EXERCISE AIM: Could you return each entry below exactly as written, minus any pictures?

*** Opening DATA UNDER STUDY ***

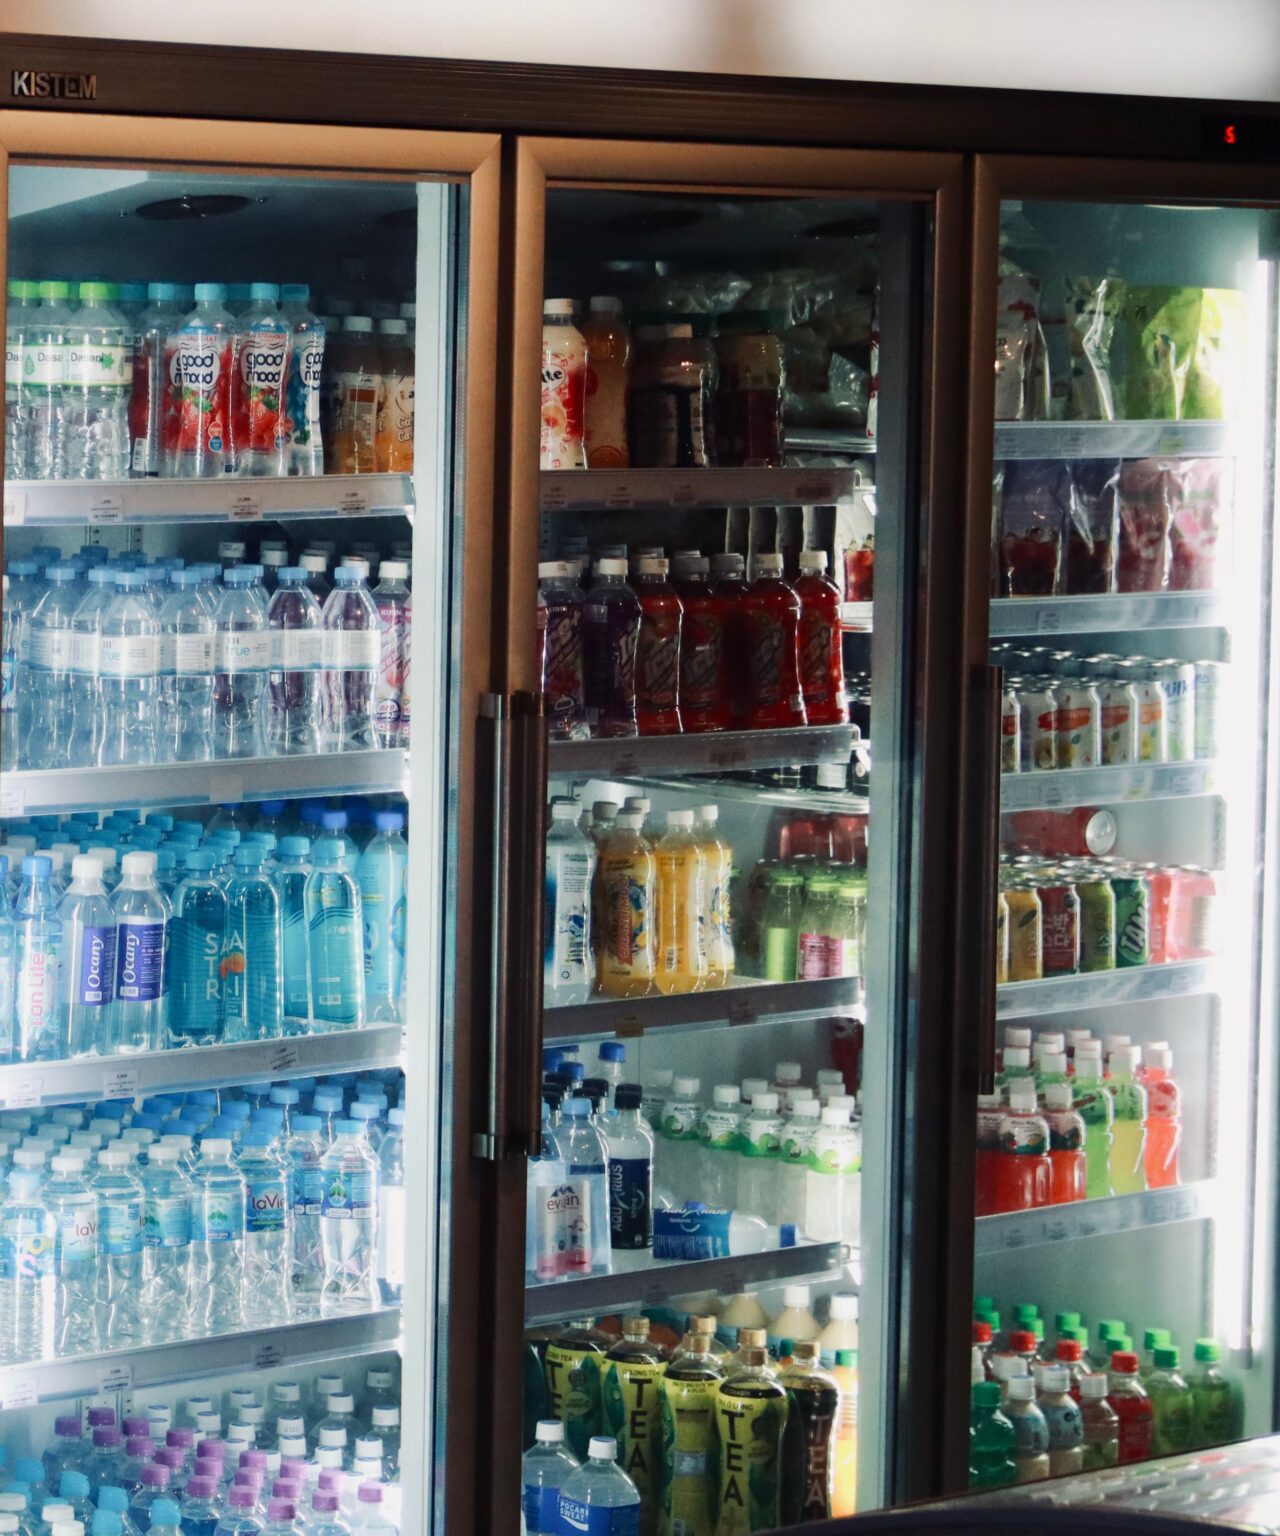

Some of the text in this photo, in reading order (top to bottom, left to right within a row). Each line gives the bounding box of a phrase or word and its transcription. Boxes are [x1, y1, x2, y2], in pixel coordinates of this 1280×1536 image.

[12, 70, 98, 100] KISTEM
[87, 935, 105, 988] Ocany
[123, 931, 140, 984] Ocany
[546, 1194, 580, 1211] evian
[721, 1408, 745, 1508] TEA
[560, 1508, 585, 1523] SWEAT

*** Closing DATA UNDER STUDY ***

ANSWER TO THE EXERCISE:
Some of the text in this photo, in reading order (top to bottom, left to right within a row). Each line gives the bounding box of a phrase or word and its transcription. Boxes are [x1, y1, x2, y2], in pixel coordinates of this 1280×1536 image.

[12, 70, 98, 100] KISTEM
[87, 935, 105, 988] Ocany
[123, 931, 140, 984] Ocany
[546, 1194, 580, 1211] evian
[721, 1408, 745, 1508] TEA
[560, 1508, 585, 1523] SWEAT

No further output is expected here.